Political hypochondriacs are as thick as flies at midsummer, and are more headstrong, absurd, and obstinate, than any of the other classes. No matter how monstrous their dogmas are, the pertinacity with which they cling to them leaves the man with the cast-iron nose far behind. A member of the English parliament got it into his head, and all the other members could not get it out, that the great cause of distress among the poor was the plentifulness of the grain harvests, that starvation was a necessary consequence of over-production, and the more wheat there was grown the less there would be eaten. In this country certain people advocate a tariff that will increase commerce and support the navy, by doing away with the necessity for ships and sailors; while others believe in a dissolution of society, in consequence of a few men, calling themselves masons, getting together in a snug room, for the purpose of singing and drinking without fear of interruption.
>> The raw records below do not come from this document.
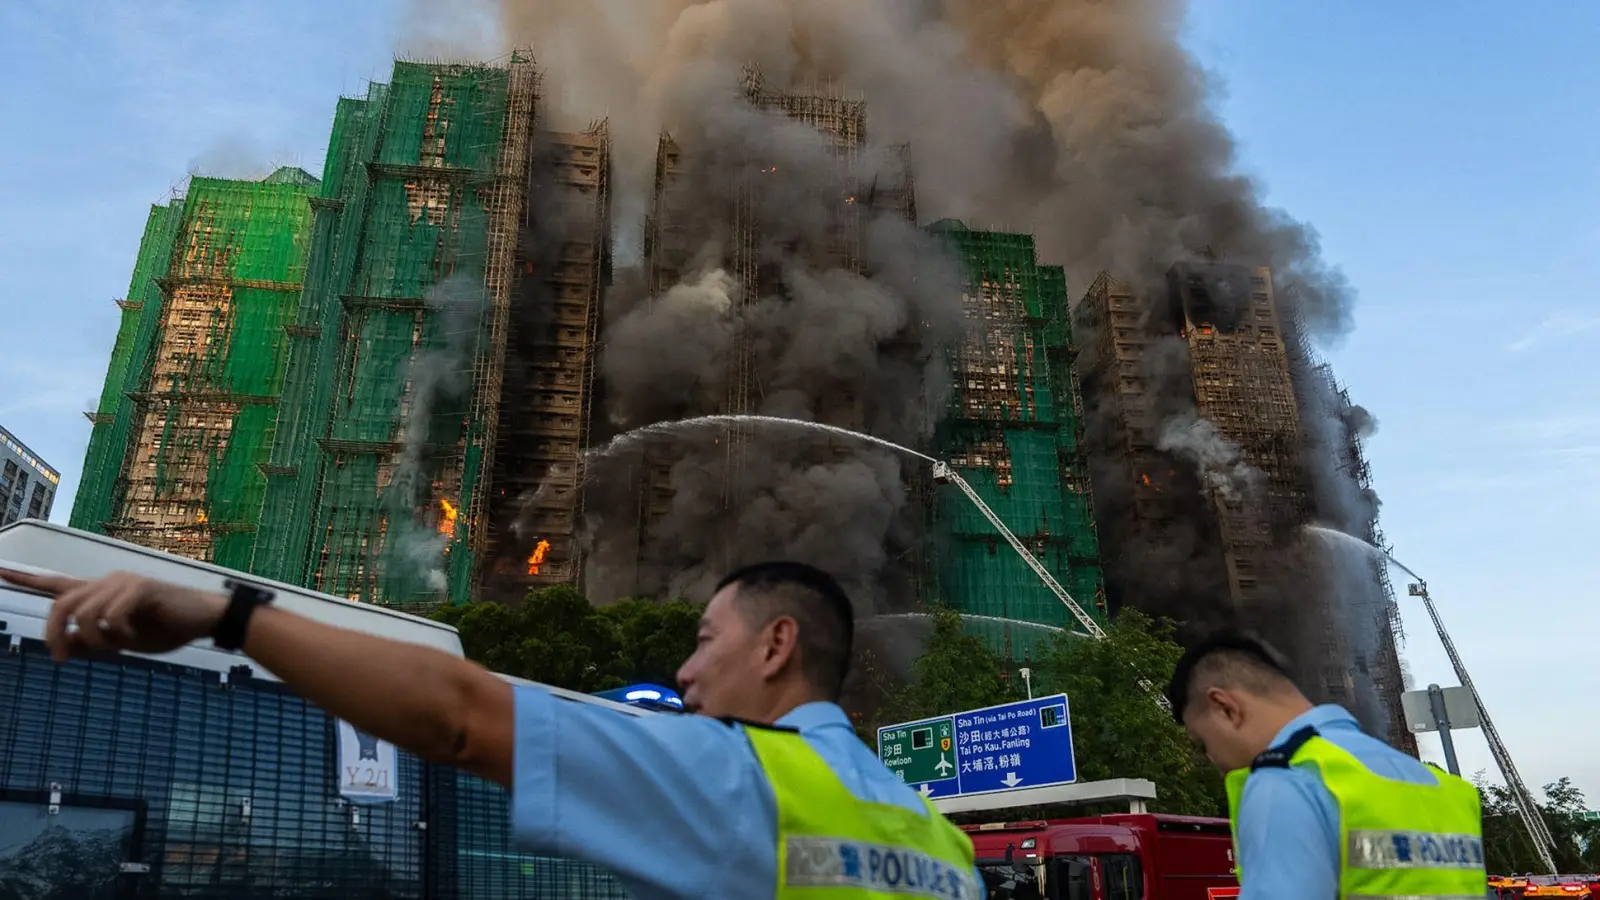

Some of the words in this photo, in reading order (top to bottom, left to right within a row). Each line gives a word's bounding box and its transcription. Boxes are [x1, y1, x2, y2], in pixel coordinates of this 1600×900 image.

[958, 718, 972, 728] Sha
[973, 716, 985, 725] Tin
[985, 716, 997, 724] (via
[997, 713, 1007, 721] Tai
[1017, 708, 1037, 717] Road)
[882, 732, 896, 742] Sha
[896, 730, 907, 739] Tin
[883, 743, 902, 758] 沙田
[960, 746, 971, 755] Tai
[972, 744, 983, 754] Po
[1002, 738, 1031, 749] Fanling
[884, 756, 912, 768] Kowloon
[346, 766, 360, 786] Y
[364, 767, 389, 788] 2/1
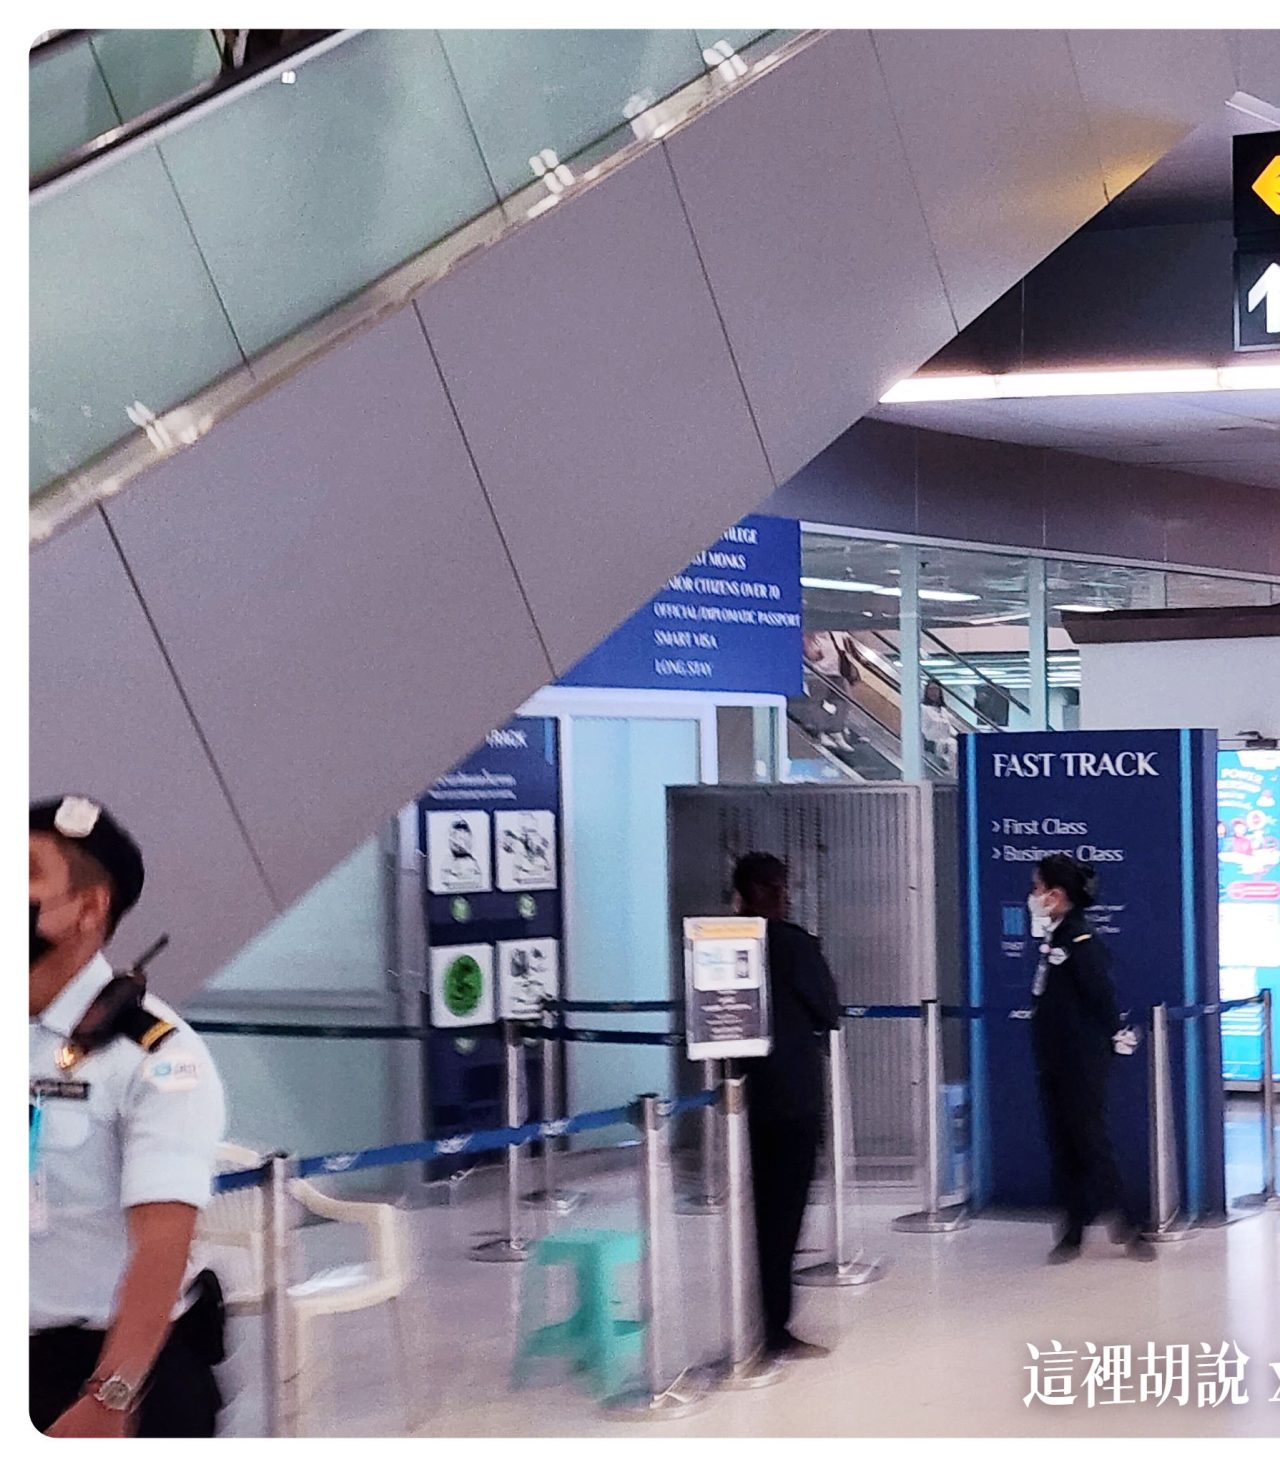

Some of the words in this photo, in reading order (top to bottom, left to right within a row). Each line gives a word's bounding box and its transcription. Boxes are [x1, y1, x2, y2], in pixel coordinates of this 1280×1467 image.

[709, 551, 747, 571] MONKS
[694, 579, 740, 598] CITIZENS
[740, 583, 768, 599] OVER
[653, 629, 692, 647] SMART
[692, 632, 718, 649] VISA
[654, 658, 686, 676] LONG
[992, 752, 1056, 777] FAST
[1060, 751, 1160, 776] TRACK
[1002, 818, 1040, 834] First
[1041, 818, 1088, 834] Class
[1076, 845, 1124, 861] Class
Indeed, there is no notion too improbable to find its way into the head of a political hypochondriac. Many well-meaning individuals firmly believed as soon as General Jackson became

president, that men would hang on trees as thick as acorns, that he would fire the city of Washington, destroy the constitution of the United States, put the country under martial law, keep his hand in practice by shooting a dozen citizens or so of a morning before breakfast, and do a number of other improper things for reasons best known to himself; and when they are told that no such thing has happened, they very wisely shake their heads, and say the ides of March are not yet over. There is another set of political hypochondriacs who credit whatever the newspapers tell them, and of course are worse than all the rest put together.
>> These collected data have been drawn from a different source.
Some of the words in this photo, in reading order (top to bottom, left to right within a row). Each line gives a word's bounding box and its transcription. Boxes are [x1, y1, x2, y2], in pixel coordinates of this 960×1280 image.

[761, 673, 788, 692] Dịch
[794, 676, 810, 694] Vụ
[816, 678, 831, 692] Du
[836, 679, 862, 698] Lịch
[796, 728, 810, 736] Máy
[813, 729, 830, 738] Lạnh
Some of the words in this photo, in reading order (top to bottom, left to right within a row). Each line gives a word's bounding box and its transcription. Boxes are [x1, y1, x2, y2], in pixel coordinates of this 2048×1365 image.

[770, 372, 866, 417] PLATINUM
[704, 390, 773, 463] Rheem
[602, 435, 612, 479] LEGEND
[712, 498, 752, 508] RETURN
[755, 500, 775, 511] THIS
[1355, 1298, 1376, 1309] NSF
Then there are the religious hypochondriacs, who firmly believe that no one can be in the right except themselves—

Some think on Calvin heaven's own spirit fell,
While others deem him instrument of hell.

But this is ticklish ground. In theatricals the cases of hypochondriacism are innumerable, and generally incurable. I have seen matrons of forty-five years of age and one hundred and fifty pounds weight, who really thought they looked and played the girlish Juliet to perfection, and whom no criticism could convince to the contrary; and I have seen a little fat fellow of five feet and an inch, who

looked upon himself as the beau ideal of Roman grandeur and dignity. I have seen Miss

fancy

she could play a fashionable lady, and Mr. imagine that he looked like a gentleman. I have seen-but cases multiply too fast.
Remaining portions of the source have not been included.